Be sure you want to be a PM. It’s a great role. I love it.

But PM isn’t the “step up” that ppl think it is.

There are other paths to success.

So choose it for the right reasons & be open to cutting your losses if you find out it isn’t for you

All the best!
❤️👍🏾
What other great resources did I miss?

Please reply to this tweet to share with the community.

🙏🏾
Most of my regular content is for senior product folks & leaders, though I get a lot of pings from early career folks, so I'm glad folks are finding this thread useful.

Some really great resources being shared by others here. Do take a look at them.

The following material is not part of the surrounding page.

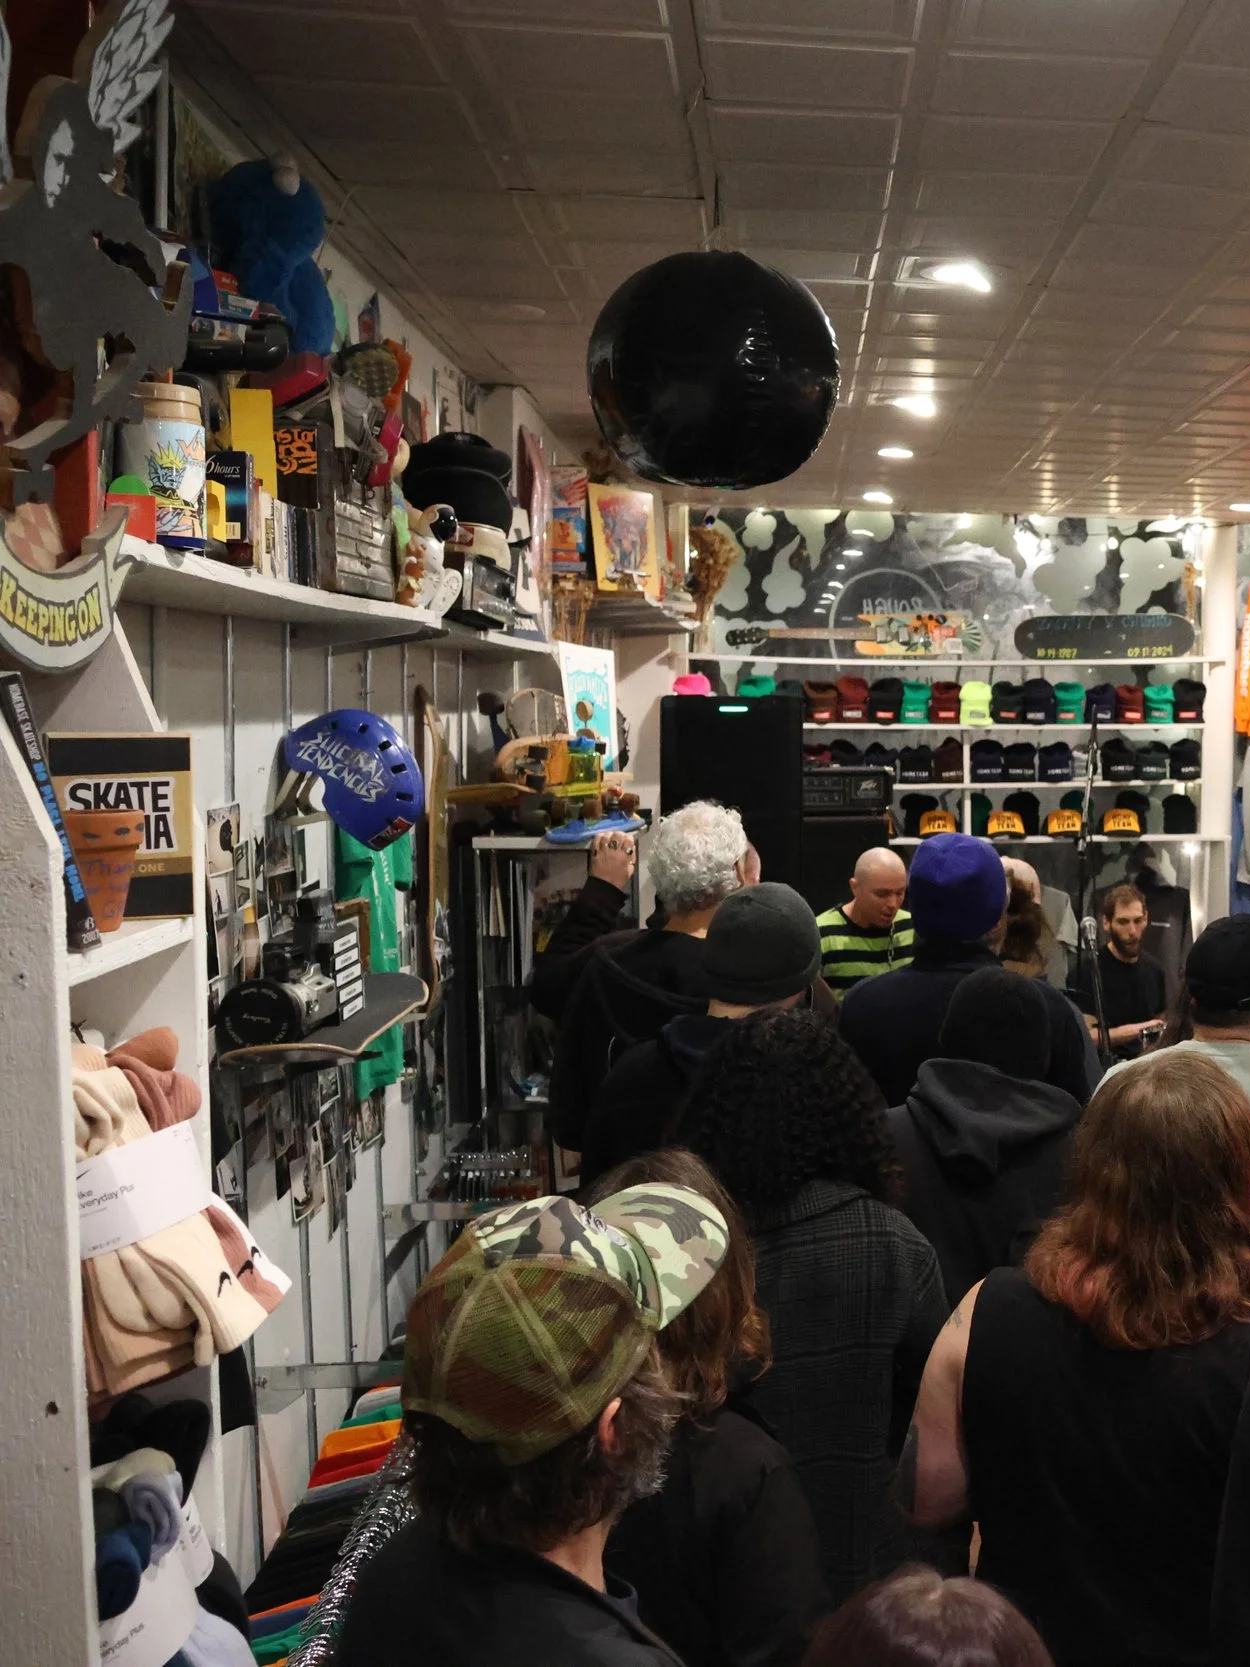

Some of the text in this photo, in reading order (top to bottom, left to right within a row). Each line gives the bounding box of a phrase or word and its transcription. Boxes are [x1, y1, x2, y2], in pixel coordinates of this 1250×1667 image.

A few additional footnotes:
Important to understand what Prod Mgmt is really. It isn't uncommon for people to spend years as a PM without understanding the essence of the role, what PM success looks like, and the main skills & mindsets. Better to understand these fundamentals early.
If you prefer watching videos, you might like this talk with my journey as a PM & some lessons learned along the way:
A thread covering the necessary PM skills at each level
This mega-thread is catered to aspiring PM leaders, but the 3 Essential Senses of a PM & the concept of 10-30-50 PMs is relevant for PMs at all stages. Start here to learn more:
This is a pretty comprehensive guide on switching to PM, from @lennysan

lennyrachitsky.com/p/how-to-get-i…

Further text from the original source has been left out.